= Single-line diagram =

Simplest symbolic representation of an electric power system

A typical single-line diagram with annotated power flows. Red boxes represent circuit breakers, grey lines represent three-phase bus and interconnecting conductors, the orange circle represents an electric generator, the green spiral is an inductor, and the three overlapping blue circles represent a double-wound transformer with a tertiary winding.

In power engineering, a single-line diagram (SLD), also sometimes called one-line diagram, is the simplest symbolic representation of an electric power system. A single line in the diagram typically corresponds to more than one physical conductor: in a direct current system the line includes the supply and return paths, in a three-phase system the line represents all three phases (the conductors are both supply and return due to the nature of the alternating current circuits).

The single-line diagram has its largest application in power flow studies. Electrical elements such as circuit breakers, transformers, capacitors, bus bars, and conductors are shown by standardized schematic symbols. Instead of representing each of three phases with a separate line or terminal, only one conductor is represented.

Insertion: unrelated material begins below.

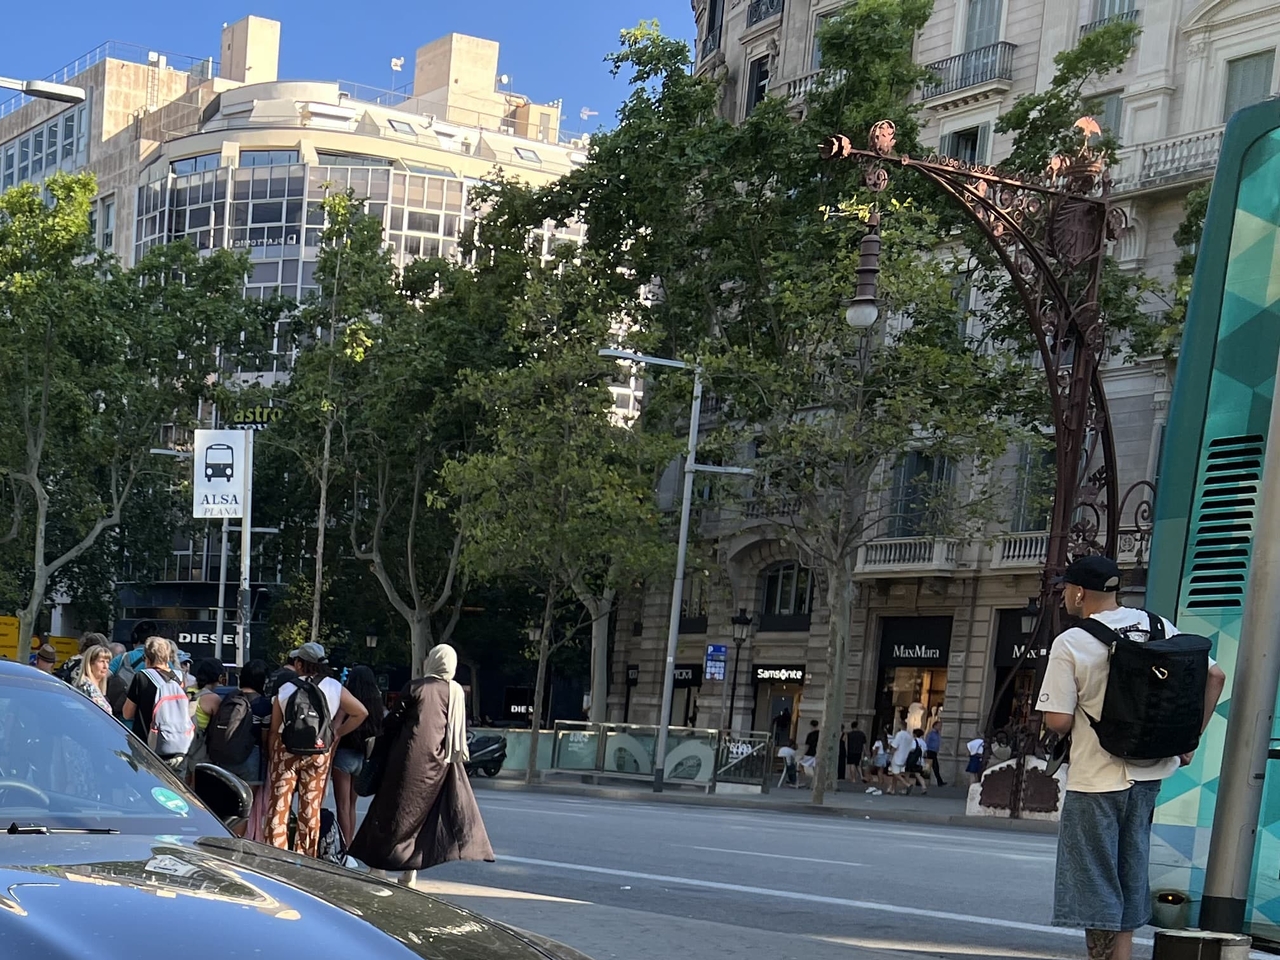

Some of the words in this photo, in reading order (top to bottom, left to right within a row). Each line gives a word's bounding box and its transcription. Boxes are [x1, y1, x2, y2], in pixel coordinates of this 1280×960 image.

It is a form of block diagram graphically depicting the paths for power flow between entities of the system. Elements on the diagram do not represent the physical size or location of the electrical equipment, but it is a common convention to organize the diagram with the same left-to-right, top-to-bottom sequence as the switchgear or other apparatus represented. A single-line diagram can also be used to show a high level view of conduit runs for a PLC control system.

== Buses ==
The lines in the single-line diagram connect nodes – points in the system that are "electrically distinct" (i.e., there is nonzero electrical impedance between them). For sufficiently large systems, these points represent physical busbars, so the diagram nodes are frequently called buses. A bus corresponds to a location where the power is either injected into the system (e.g., a generator) or consumed (an electrical load). A steady-state of each bus can be characterized by its voltage phasor; the system state is defined by a vector of voltage phasors for all the buses. In a physical system the state is calculated through power system state estimation, since the end of the 20th century this process involves direct simultaneous measurements (synchrophasor) using the phasor measurement units.

==Balanced systems==
The theory of three-phase power systems tells us that as long as the loads on each of the three phases are balanced, the system is fully represented by (and thus calculations can be performed for) any single phase (so called per phase analysis). In power engineering, this assumption is often useful, and to consider all three phases requires more effort with very little potential advantage. An important and frequent exception is an asymmetric fault on only one or two phases of the system.

A single-line diagram is usually used along with other notational simplifications, such as the per-unit system.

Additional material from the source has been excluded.